__What you will do__
Write out, exactly as they appear, only the lines running from the line with "this 1600×1067 image." to the final line of the listing; include both.
──────── Data for this task ────────
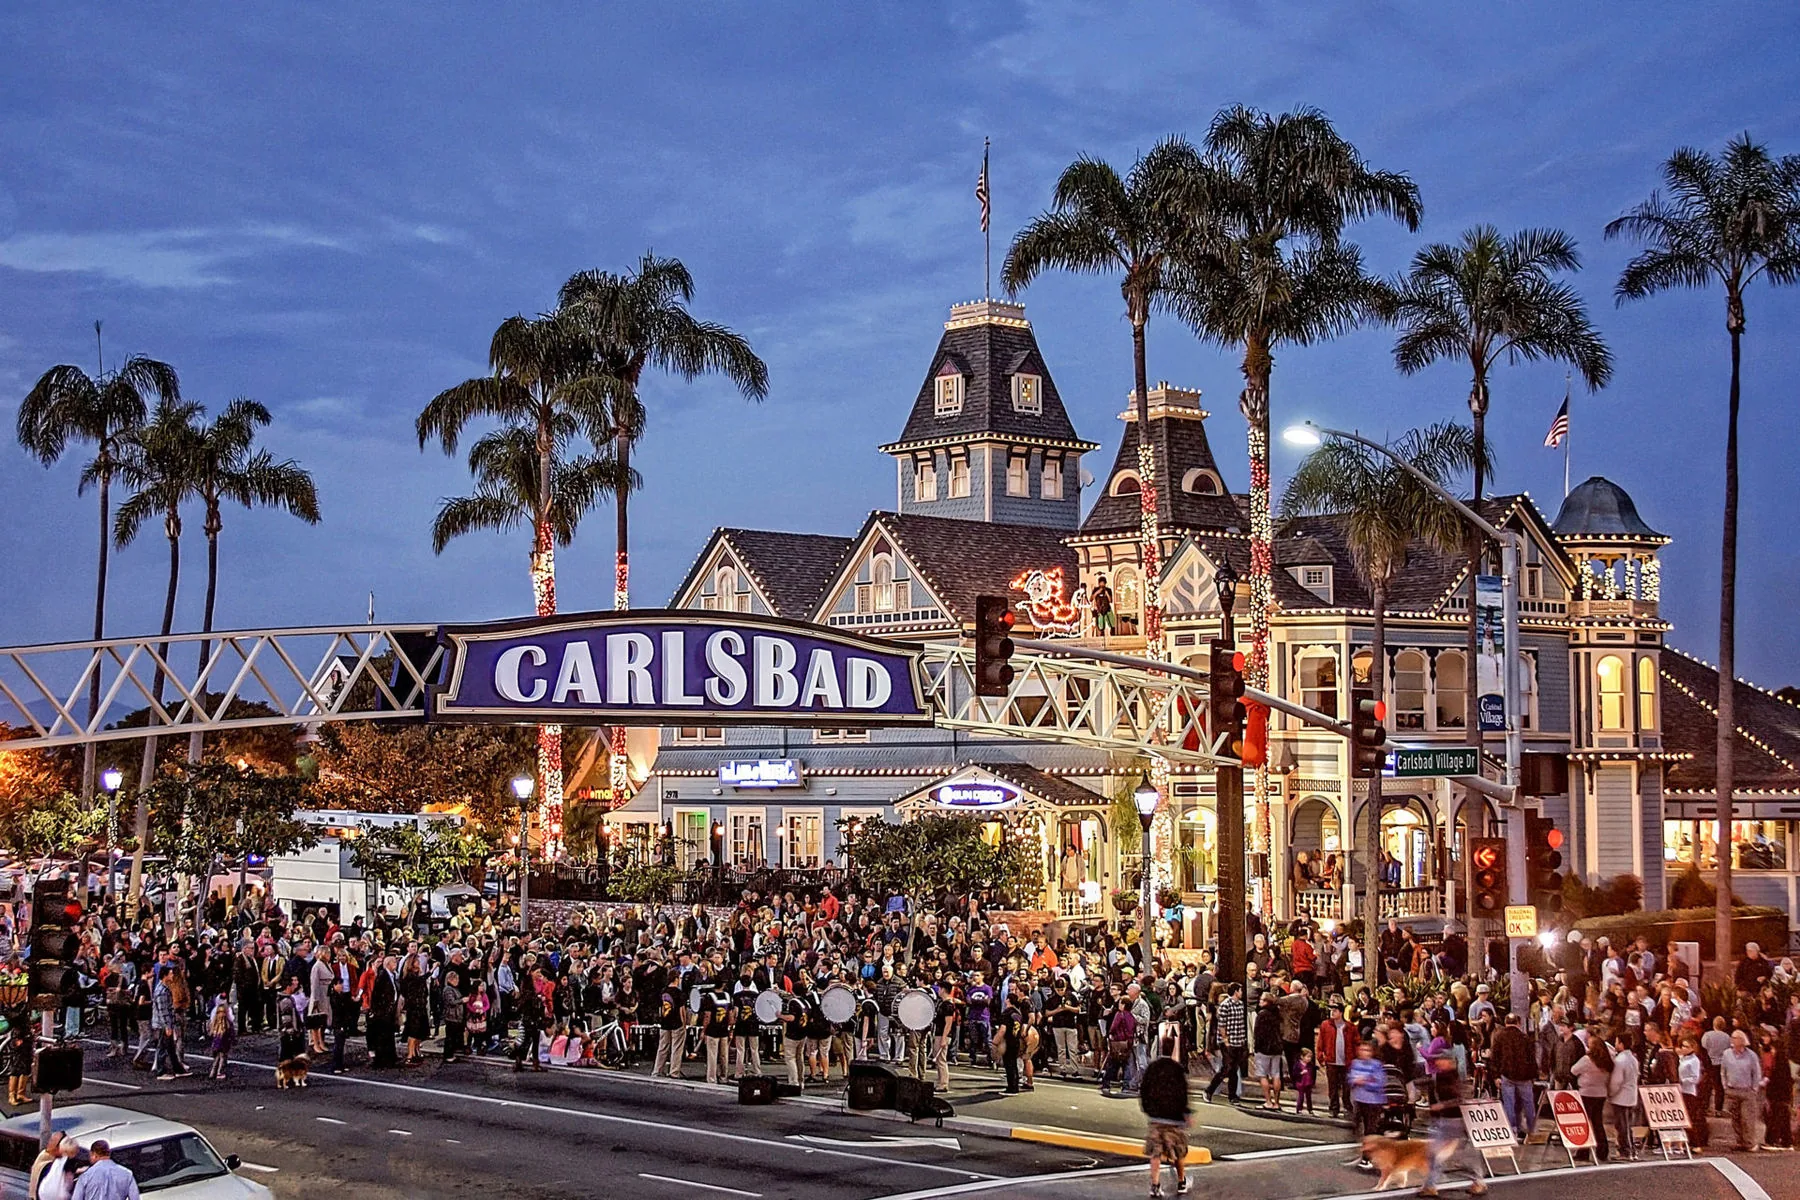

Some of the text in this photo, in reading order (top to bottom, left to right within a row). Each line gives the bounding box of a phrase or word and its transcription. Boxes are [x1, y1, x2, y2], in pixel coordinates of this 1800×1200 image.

[495, 630, 892, 709] CARLSBAD
[1480, 711, 1503, 727] Village
[1397, 754, 1433, 770] Carlsbad
[1435, 753, 1464, 773] Village
[1466, 754, 1475, 768] Dr
[1509, 923, 1522, 935] OK
[1648, 1091, 1675, 1104] ROAD
[1555, 1101, 1579, 1112] DO NOT
[1468, 1108, 1499, 1123] ROAD
[1649, 1109, 1685, 1123] CLOSED
[1471, 1127, 1511, 1142] CLOSED
[1565, 1125, 1585, 1136] ENTER
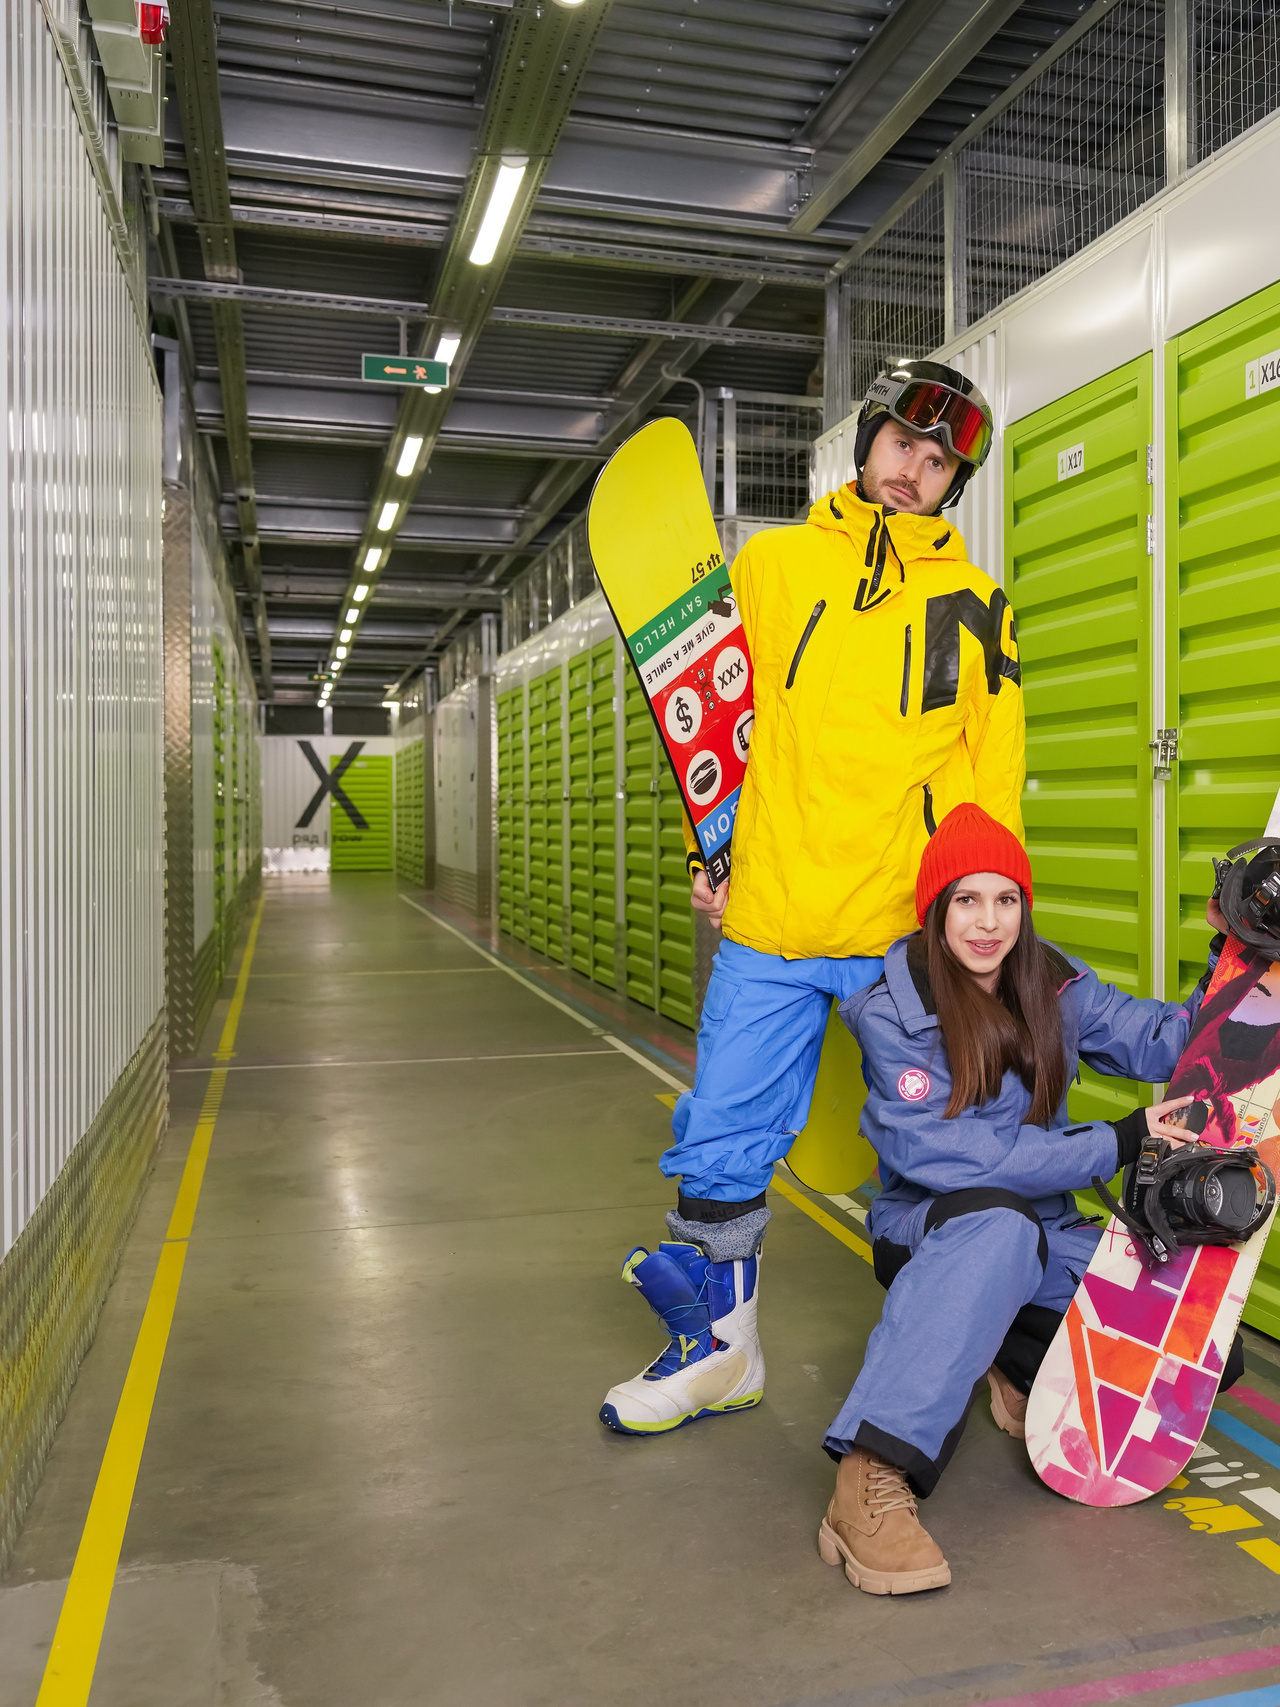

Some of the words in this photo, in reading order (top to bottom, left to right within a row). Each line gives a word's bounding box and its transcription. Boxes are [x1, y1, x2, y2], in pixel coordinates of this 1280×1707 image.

[868, 382, 890, 396] SMITH
[1248, 370, 1256, 390] 1
[1068, 450, 1083, 471] X17
[691, 562, 705, 584] 57
[681, 595, 702, 620] SAY
[635, 616, 676, 654] HELLO
[696, 622, 716, 644] GIVE
[674, 650, 680, 661] A
[682, 637, 696, 656] ME
[645, 657, 673, 685] SMILE
[717, 657, 745, 690] XXX
[295, 740, 370, 829] X
[1254, 1112, 1269, 1144] COUNTED
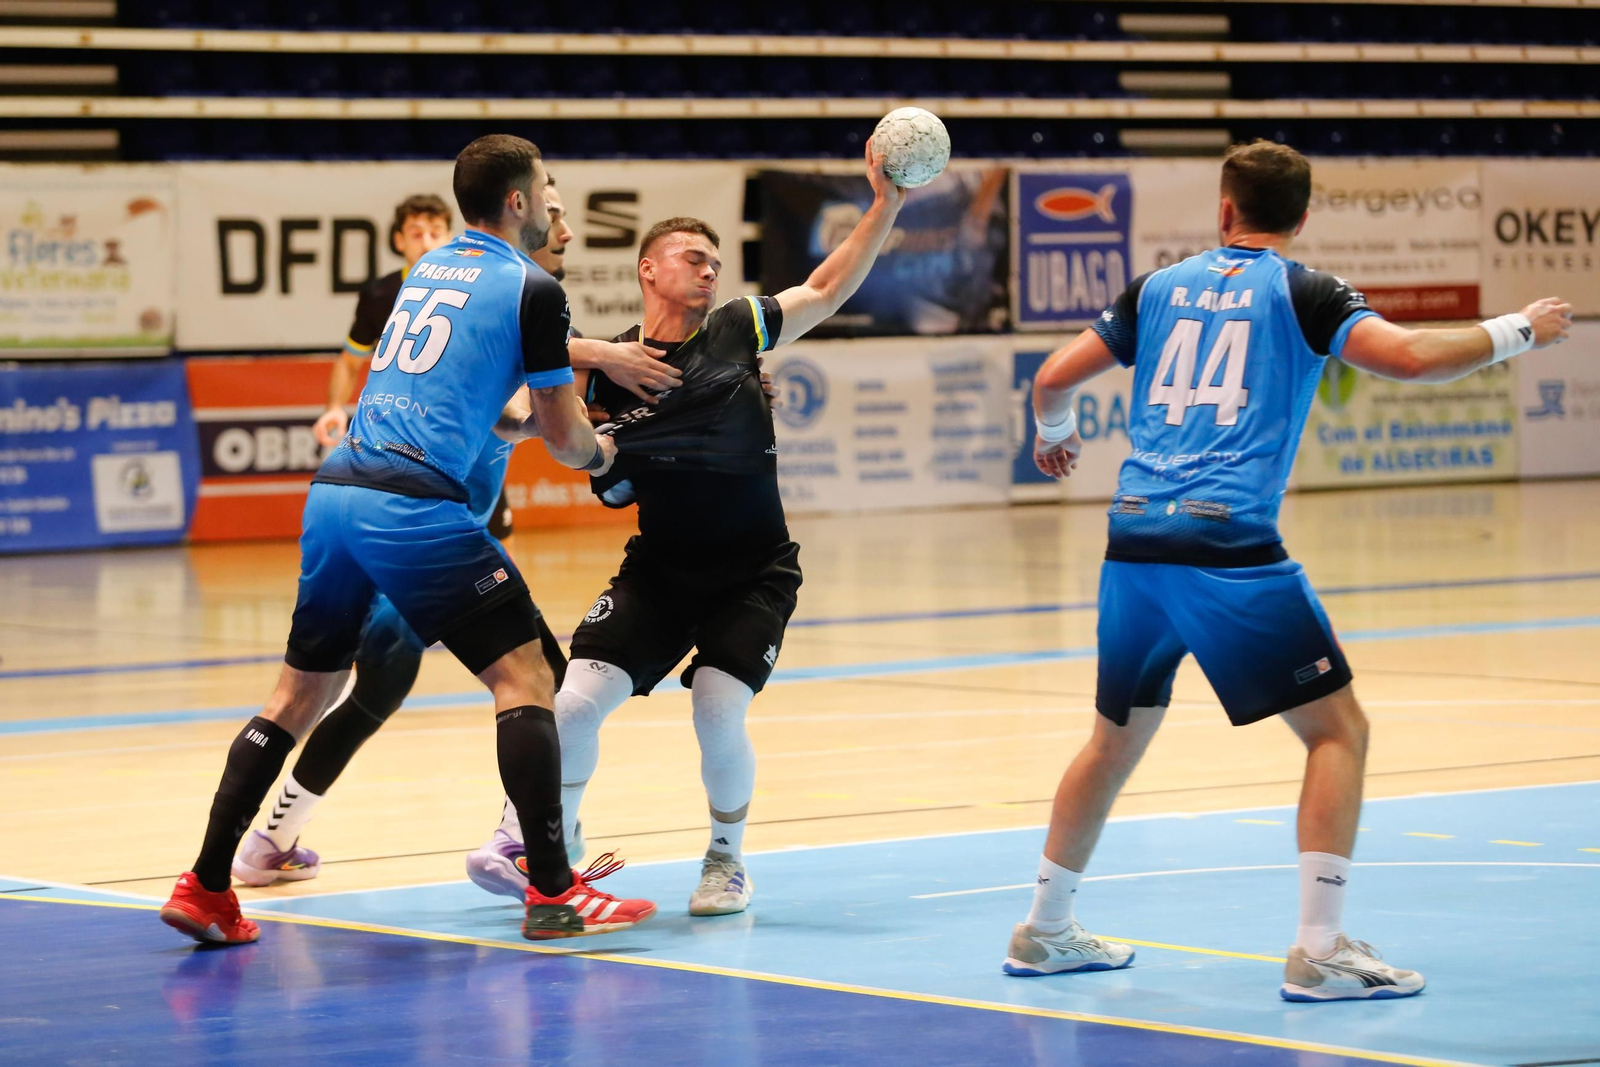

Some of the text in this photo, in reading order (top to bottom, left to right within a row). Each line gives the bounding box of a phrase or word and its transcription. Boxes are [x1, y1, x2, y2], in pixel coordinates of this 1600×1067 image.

[1495, 211, 1600, 244] OKEY
[217, 218, 403, 295] DFD
[413, 262, 483, 283] PAGANO
[566, 265, 638, 284] SEA
[1495, 254, 1591, 269] FITNES
[1028, 251, 1126, 312] UBAGO
[1170, 286, 1253, 312] R. ÁVILA
[370, 286, 471, 374] 55
[1148, 319, 1252, 425] 44
[1079, 394, 1130, 439] BA
────────
__Result of the task__
Some of the text in this photo, in reading order (top to bottom, left to right within a row). Each line gives the bounding box of a phrase or word and its transcription. Boxes are [x1, y1, x2, y2], in pixel coordinates of this 1600×1067 image.

[1495, 211, 1600, 244] OKEY
[217, 218, 403, 295] DFD
[413, 262, 483, 283] PAGANO
[566, 265, 638, 284] SEA
[1495, 254, 1591, 269] FITNES
[1028, 251, 1126, 312] UBAGO
[1170, 286, 1253, 312] R. ÁVILA
[370, 286, 471, 374] 55
[1148, 319, 1252, 425] 44
[1079, 394, 1130, 439] BA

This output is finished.